Apart from the pictures, every entry should be reproduced exactly.

Records drawn from a dataset:

+===+

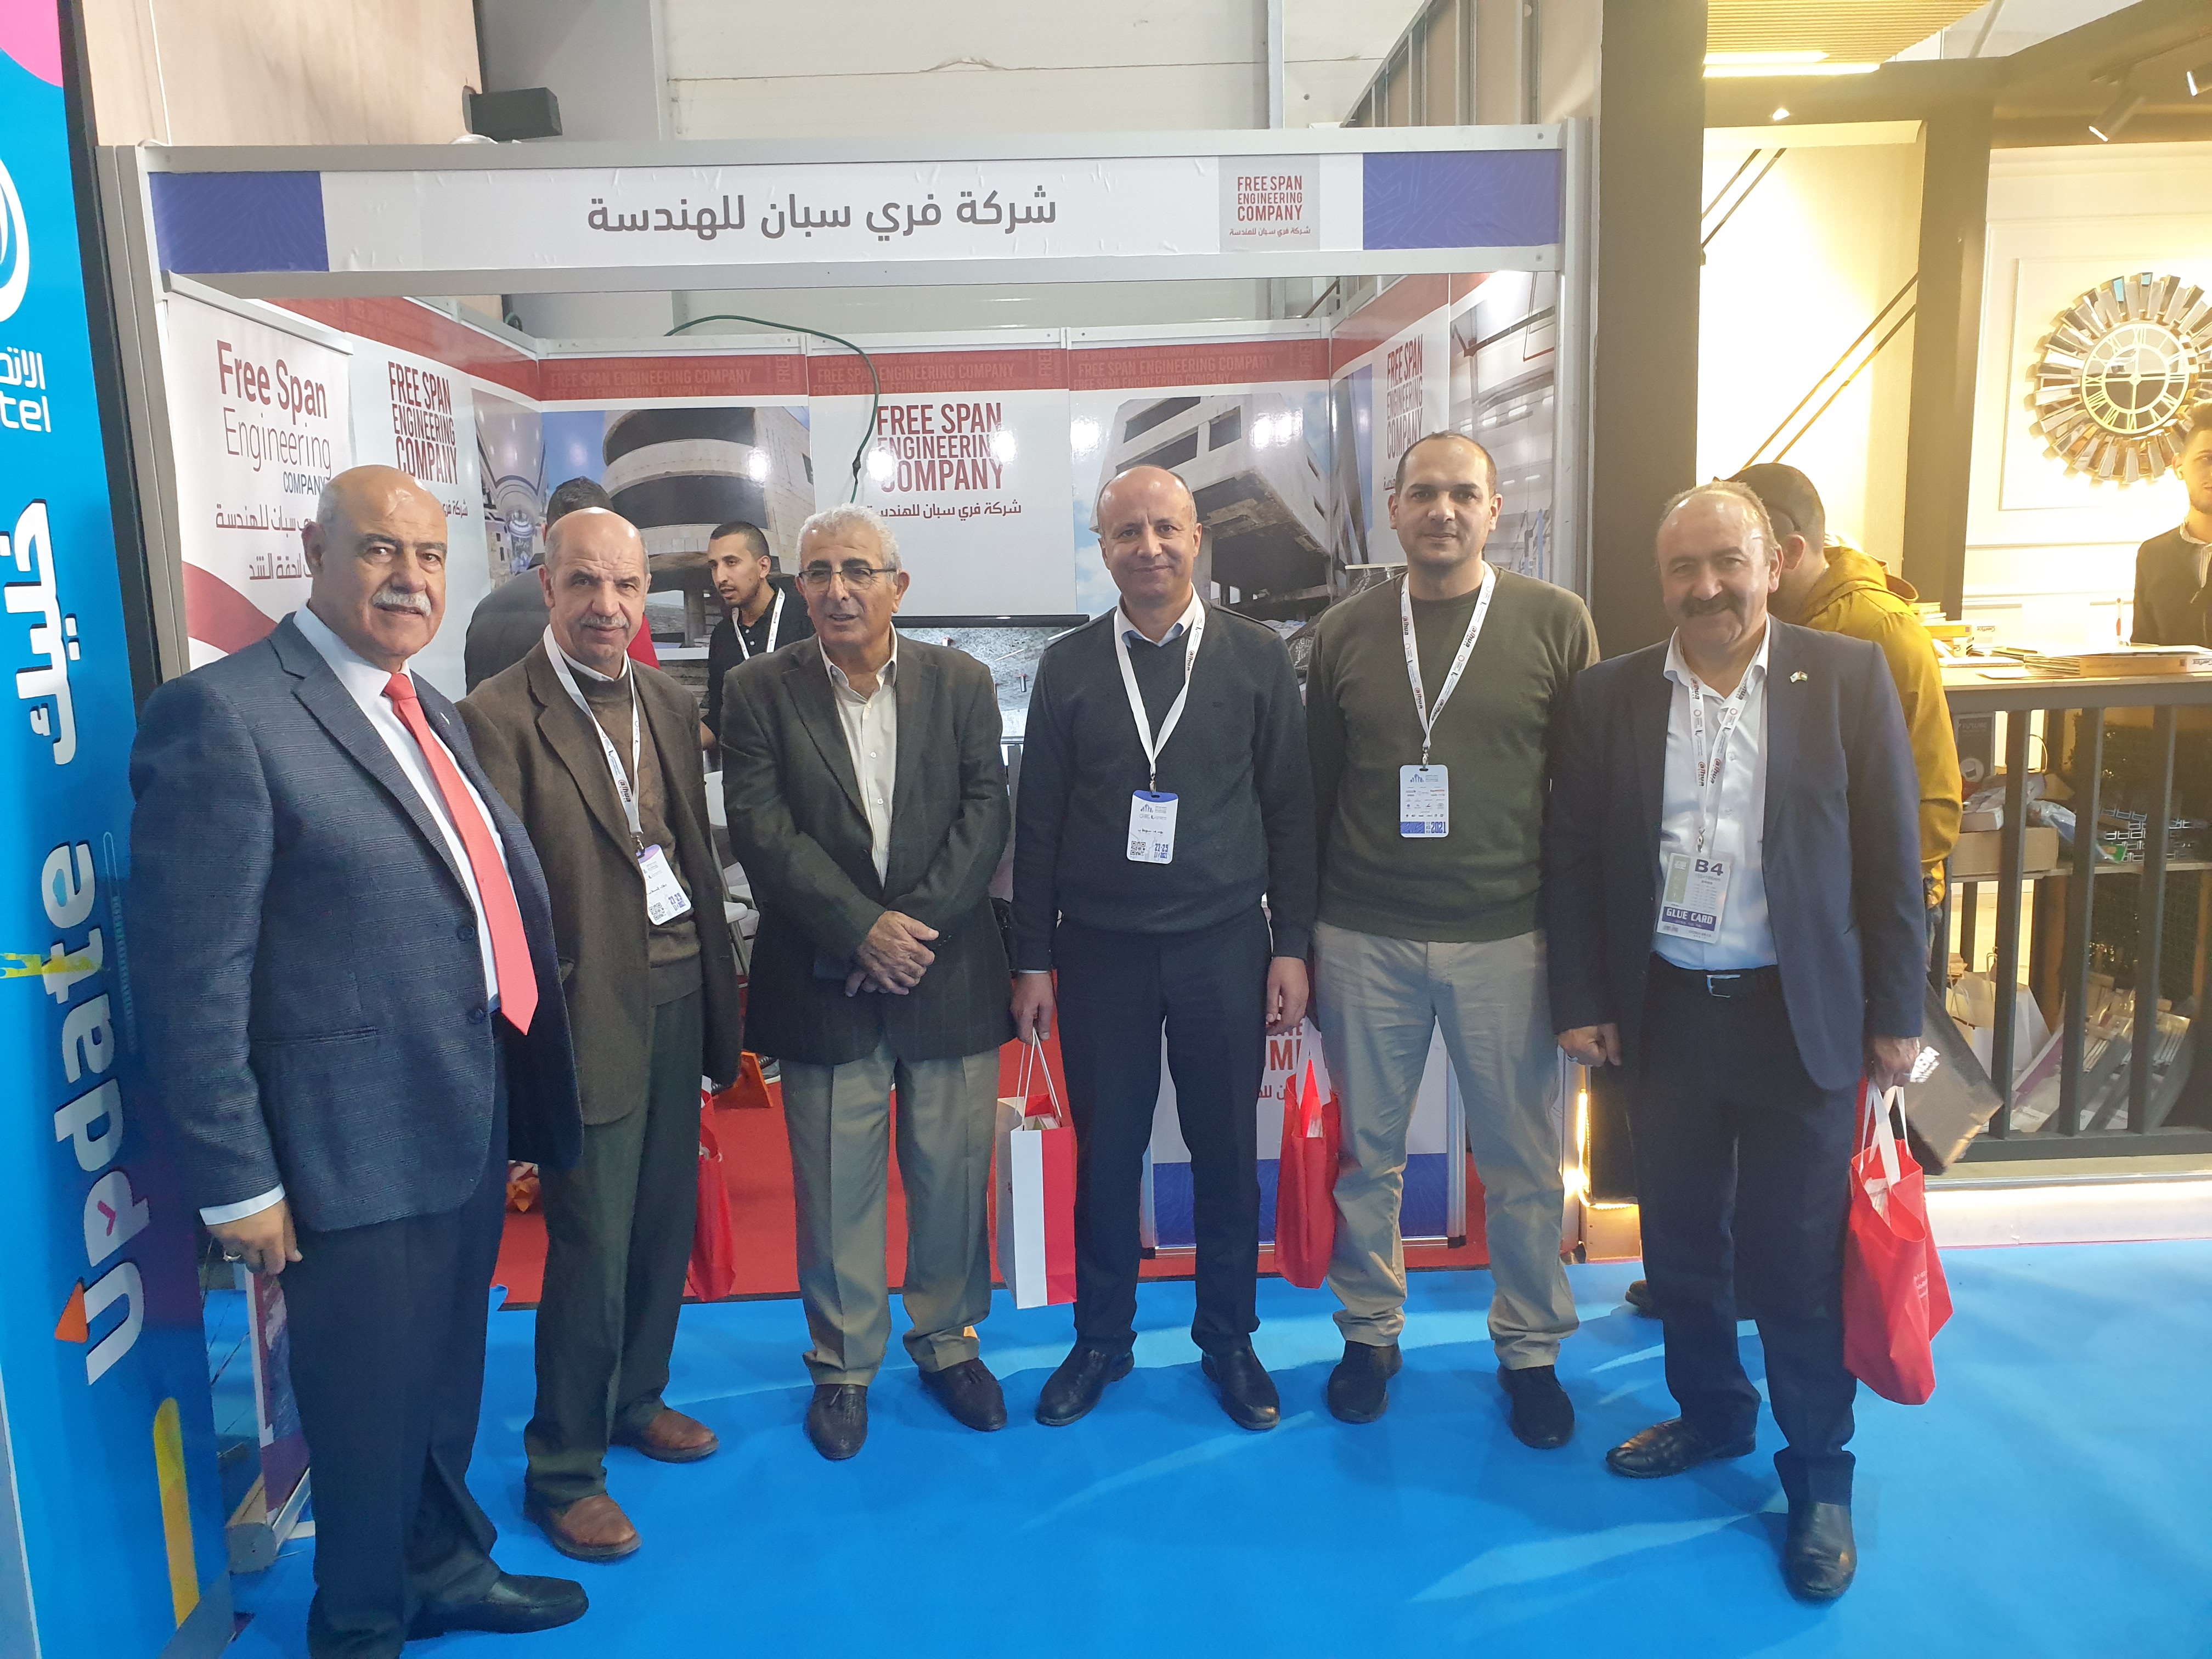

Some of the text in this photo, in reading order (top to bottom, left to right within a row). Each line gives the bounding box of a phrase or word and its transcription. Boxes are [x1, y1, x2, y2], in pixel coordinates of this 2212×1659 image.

[1238, 175, 1303, 191] FREE SPAN
[1238, 192, 1303, 205] ENGINEERING
[587, 185, 1057, 241] شركة فري سبان للهندسة
[1237, 205, 1303, 222] COMPANY
[1229, 225, 1311, 237] شركة فري سبان للهندسة
[776, 356, 791, 383] FREE
[817, 368, 844, 382] FREE
[879, 364, 955, 381] ENGINEERING
[958, 363, 1015, 379] COMPANY
[1039, 349, 1052, 377] FREE
[1079, 362, 1105, 377] FREE
[1108, 361, 1136, 376] SPAN
[1139, 358, 1216, 375] ENGINEERING
[1218, 355, 1276, 372] COMPANY
[1387, 333, 1423, 390] FREE SPAN
[217, 340, 328, 425] Free Span
[388, 361, 452, 415] FREE SPAN
[551, 368, 752, 387] FREE SPAN ENGINEERING COMPANY
[926, 379, 970, 392] COMPANY
[1185, 373, 1229, 386] COMPANY
[1387, 375, 1423, 421] ENGINEERING
[391, 404, 455, 445] ENGINEERING
[877, 403, 1002, 436] FREE SPAN
[223, 407, 331, 481] Engineering
[877, 434, 994, 460] ENGINEERIN
[1387, 408, 1423, 460] COMPANY
[396, 436, 458, 484] COMPANY
[283, 471, 326, 495] COMPANY
[216, 503, 269, 531] للهندسة
[271, 505, 296, 538] سبان
[453, 499, 468, 518] شركة
[867, 499, 1022, 521] شركة فري سبان للهندس
[0, 498, 81, 765] خليك
[1431, 821, 1447, 834] 2021
[1695, 859, 1724, 876] B4
[1666, 908, 1688, 920] GLUE
[1690, 913, 1713, 924] CARD
[41, 840, 150, 1386] Update

+===+

FINISHED TASK
Some of the text in this photo, in reading order (top to bottom, left to right within a row). Each line gives the bounding box of a phrase or word and its transcription. Boxes are [x1, y1, x2, y2], in pixel coordinates of this 2212×1659 image.

[1238, 175, 1303, 191] FREE SPAN
[1238, 192, 1303, 205] ENGINEERING
[587, 185, 1057, 241] شركة فري سبان للهندسة
[1237, 205, 1303, 222] COMPANY
[1229, 225, 1311, 237] شركة فري سبان للهندسة
[776, 356, 791, 383] FREE
[817, 368, 844, 382] FREE
[879, 364, 955, 381] ENGINEERING
[958, 363, 1015, 379] COMPANY
[1039, 349, 1052, 377] FREE
[1079, 362, 1105, 377] FREE
[1108, 361, 1136, 376] SPAN
[1139, 358, 1216, 375] ENGINEERING
[1218, 355, 1276, 372] COMPANY
[1387, 333, 1423, 390] FREE SPAN
[217, 340, 328, 425] Free Span
[388, 361, 452, 415] FREE SPAN
[551, 368, 752, 387] FREE SPAN ENGINEERING COMPANY
[926, 379, 970, 392] COMPANY
[1185, 373, 1229, 386] COMPANY
[1387, 375, 1423, 421] ENGINEERING
[391, 404, 455, 445] ENGINEERING
[877, 403, 1002, 436] FREE SPAN
[223, 407, 331, 481] Engineering
[877, 434, 994, 460] ENGINEERIN
[1387, 408, 1423, 460] COMPANY
[396, 436, 458, 484] COMPANY
[283, 471, 326, 495] COMPANY
[216, 503, 269, 531] للهندسة
[271, 505, 296, 538] سبان
[453, 499, 468, 518] شركة
[867, 499, 1022, 521] شركة فري سبان للهندس
[0, 498, 81, 765] خليك
[1431, 821, 1447, 834] 2021
[1695, 859, 1724, 876] B4
[1666, 908, 1688, 920] GLUE
[1690, 913, 1713, 924] CARD
[41, 840, 150, 1386] Update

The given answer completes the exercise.